1. Searching Reviews by drug name. Currently, there is no cross-indexing against
variant names of drugs in Cochrane Reviews. We have linked to Drugbank
(http://www.drugbank.ca/) which includes most of the variants of drug names
including the different brand names and generic names used in different countries.
We have created a “semantic search” that allows users to type any name for an
asthma medication and find the relevant Cochrane Reviews. See:
http://demonstrator.dev.cochrane.org/interventions. This functionality would greatly
improve the discoverability of Cochrane content in The Cochrane Library as now, for
example, if you search for “Prozac” you get zero results, but if you search for
“fluoxetine” you get 30 results.
2. Displaying selected portions of reviews. Clicking on any title on the “List of
Reviews” page in the demonstrator (http://demonstrator.dev.cochrane.org/reviews)
takes you to a custom view of that review that we have created by including sections
of the review suggested during the Strategic Discussion in Paris. This capability of
showing selected portions of a review, and rearranging their order could allow us in
future to devise different “views” for different user groups, to allow users to
customize their own Cochrane view by selecting the specific components and their
order, or to compare reviews by looking at components from 2 or more Reviews side
by side.
3. Linking out to selected content. In addition to linking to Drugbank as noted
above, we have linked to SIDER, a linked data set that includes information on side
effects from FDA label information (see http://sideeffects.embl.de/drugs/2153/) for
an example.
4. Finding which Cochrane Reviews have included a particular study. Each
review page in the demonstrator includes the list of included studies from the review,
with a link to a specific study page for each item on the list. Each study page
includes a list of all of the reviews (in our limited set) that have included that study
sing the unique study identifier from CRS and the links that CRS provides between
studies and Reviews (see
http://demonstrator.dev.cochrane.org/studies/revman/002304061509242379-STDO_x0027_Byrne-2005 for an example).
5. See what other published reports from the same trial have been identified
in the “studified” data in CRS. Once again using the links with CRS, each study
page in the demonstrator includes a list of all published reports from the study that
have been identified by Cochrane collaborators and either used in reviews or studified
in CRS.
6. See the Risk of Bias appraisals a single study from different Reviews. This
information is also included on each study page in the demonstrator. In some cases
(as in the O’Byrne example above), there is good agreement. Some other examples
have more variation
7. http://demonstrator.dev.cochrane.org/studies/revman/949204060709442762-STDKoopmans-2006 .

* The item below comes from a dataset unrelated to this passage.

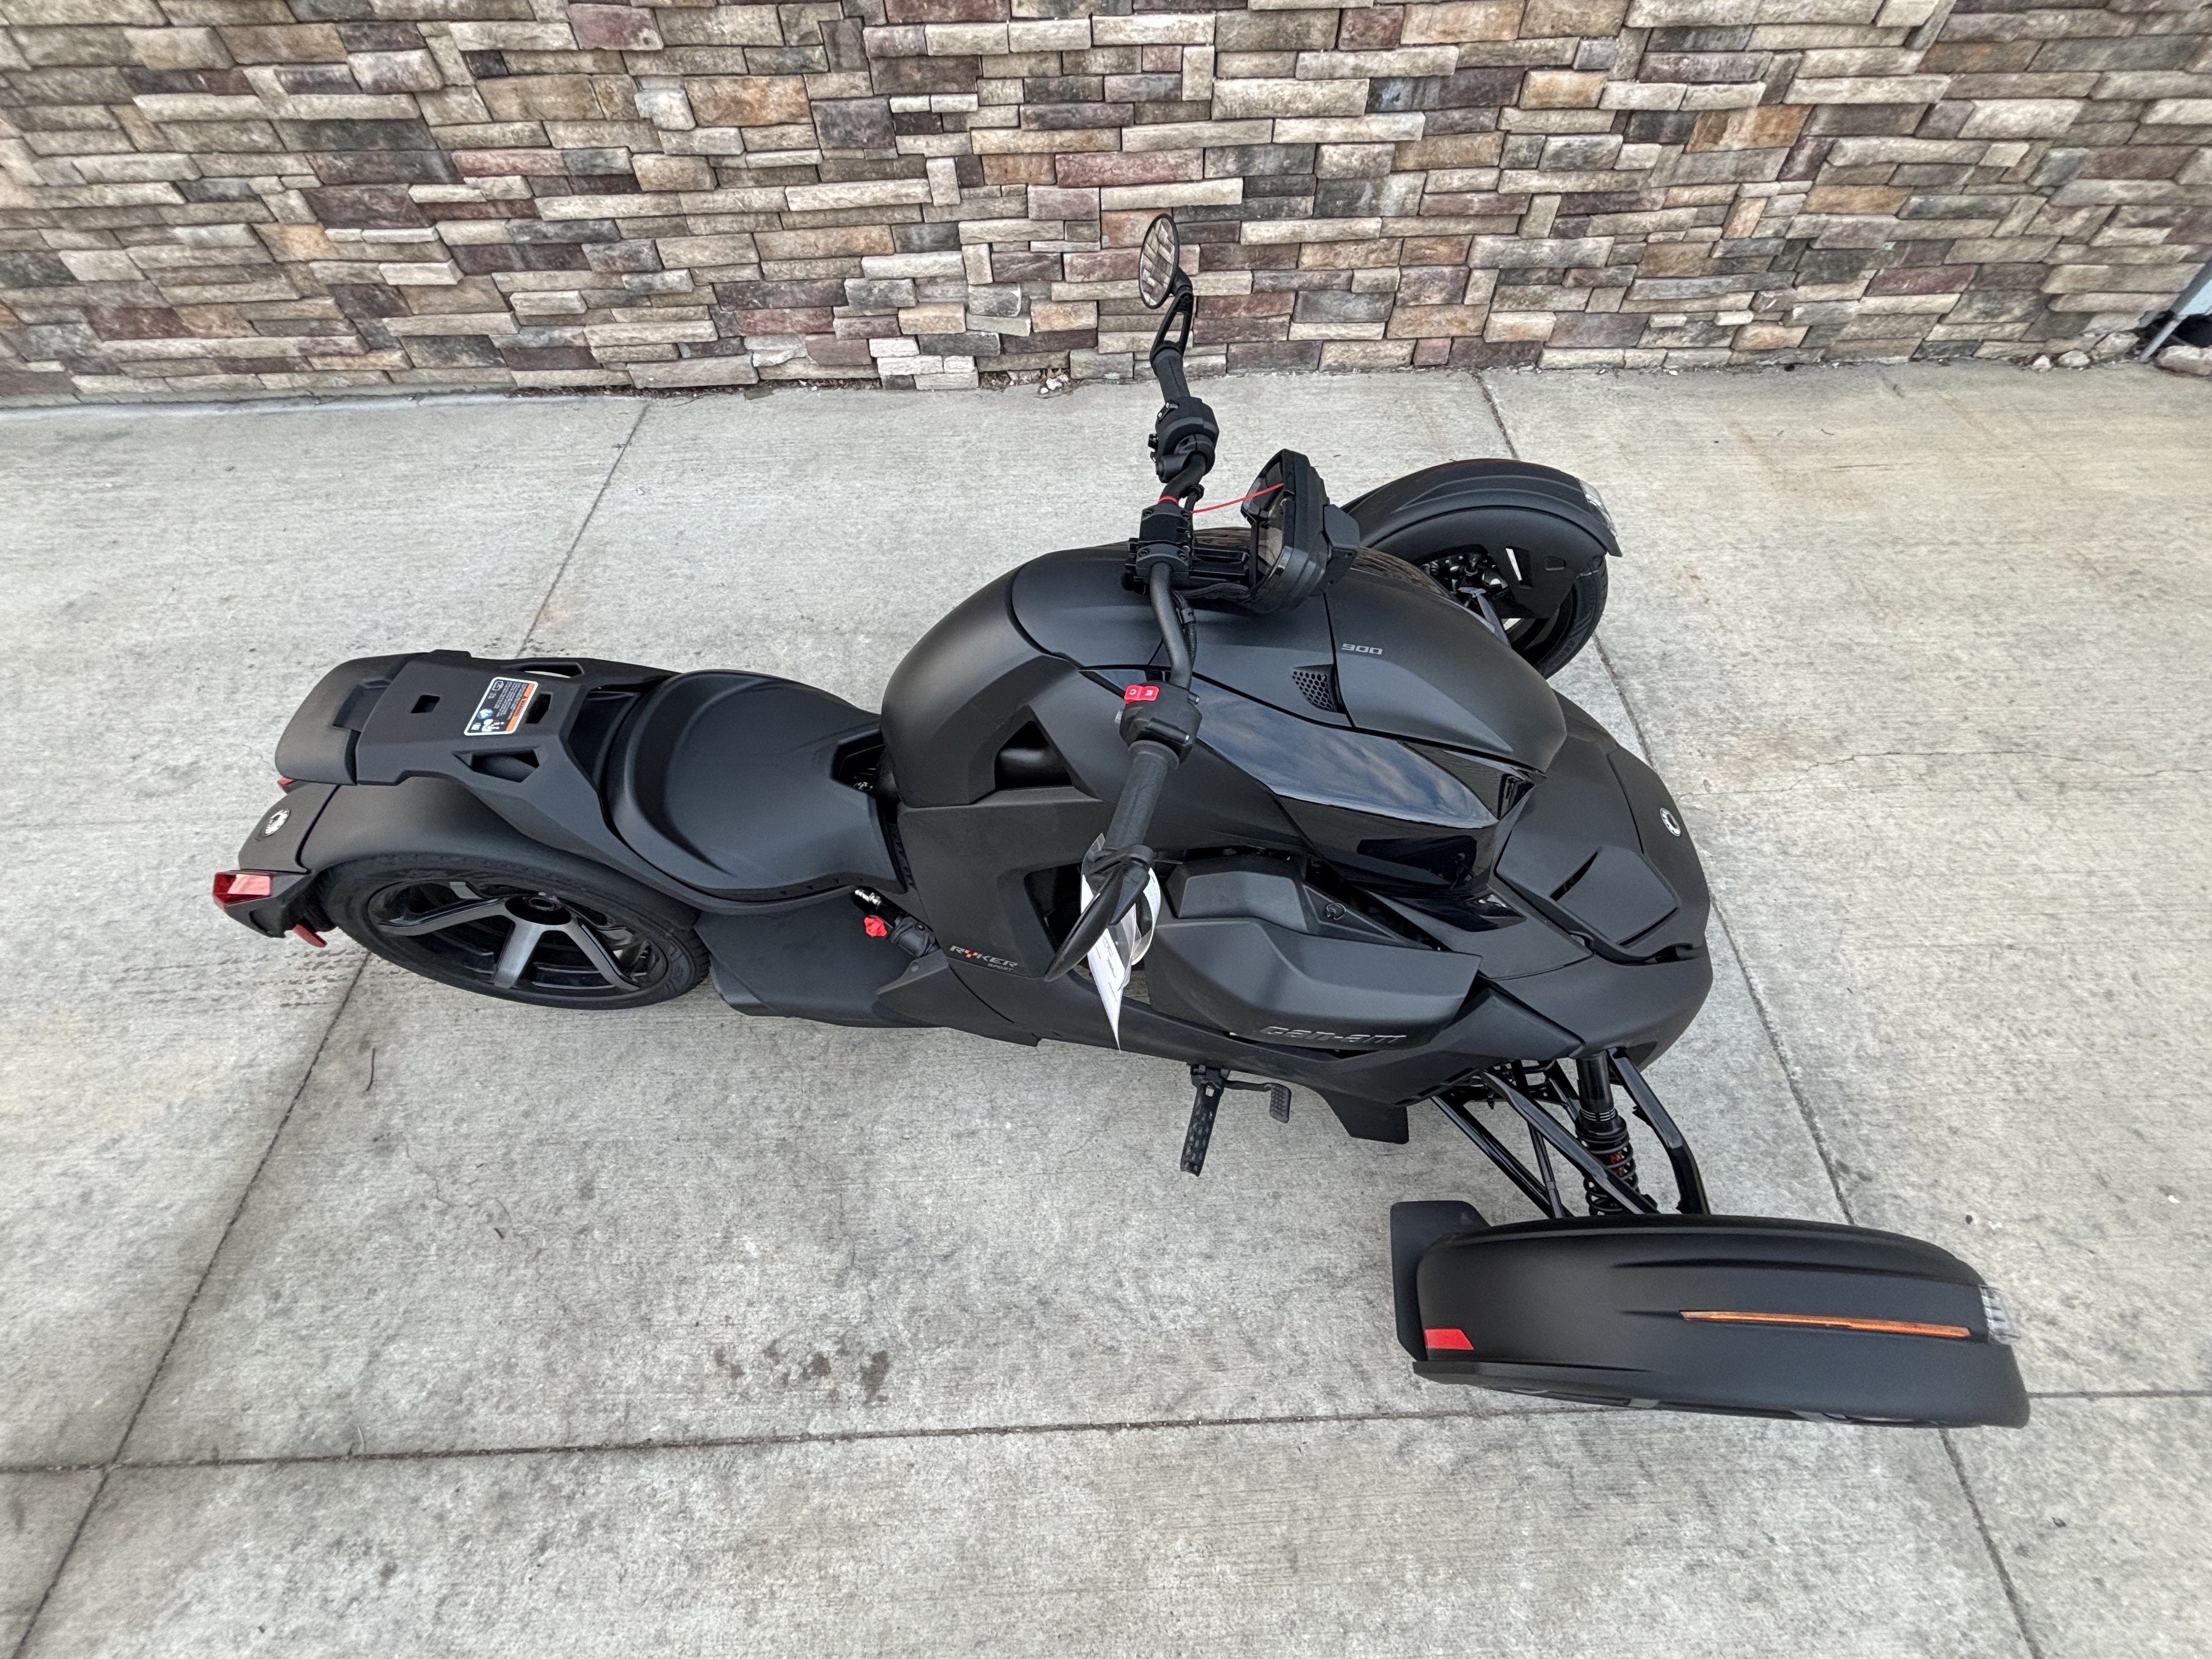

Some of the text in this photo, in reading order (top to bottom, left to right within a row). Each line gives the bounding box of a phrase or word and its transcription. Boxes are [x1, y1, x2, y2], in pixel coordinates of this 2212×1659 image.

[1342, 644, 1383, 654] 900
[950, 945, 1018, 968] RYKER
[988, 963, 1013, 972] SPORT

While the above examples are simple, they demonstrate and show the proof-of-concept of
this approach and, critically, the data in the “triple store” beneath this website is completely
dynamic. There are only ca. 40 Reviews on Asthma in there now but if we were to put all
Cochrane Reviews and their related studies in the linked data repository, the queries would
update automatically.
The technology behind the demonstrator
Demonstrator.dev.cochrane.org uses the Drupal open-source content management system
(CMS), the same system used to produce 130+ of the websites for The Cochrane
Collaboration. Drupal “plays nicely” with the semantic web stack including an RDFx module
and a very powerful module called SPARQL Views which allows for SPARQL queries to be
constructed within the core Drupal Views system. With our triple store linked data repository
software, OWLiM, running in the background at a canonical data.cochrane.org address and
server, we use Drupal and its RDF and SPARQL modules to quickly create a working website
for creating working prototypes that can be quickly styled using Drupal’s built-in theming and
templating system.
4. Future plans
Our experience with the linked data project to date has convinced us that it has potential to
become an “enabling technology” for the Collaboration that could allow us to do more with
our data. However, there are a number of issues that should be explored as we decide on
how best to integrate linked data within the Cochrane IT structure. These include:



Potential additional user stories
The technical architecture including implications for the IMS, Web Team, CRS and our
publisher of increased use of linked data
Adding structure and standardization to Cochrane reviews
Potential User Stories
Our success in realizing the relatively limited goals of the Linked Data Project to date has
encouraged us to look at additional user stories that might be addressed using this approach
– including several items on the RevMan wish list. For example, RevMan case # 119285
which says "Provide easy access from RevMan to relevant sections of other reviews using the
same studies via CRS. E.g. if you were completing the RoB table for a study you could easily
see how other authors have assessed the risk of bias for that study" is very similar to the
CRS/CDSR user story that we have been working on and case 122027 calls for "Interaction
between RevMan & CRS" without offering specific details.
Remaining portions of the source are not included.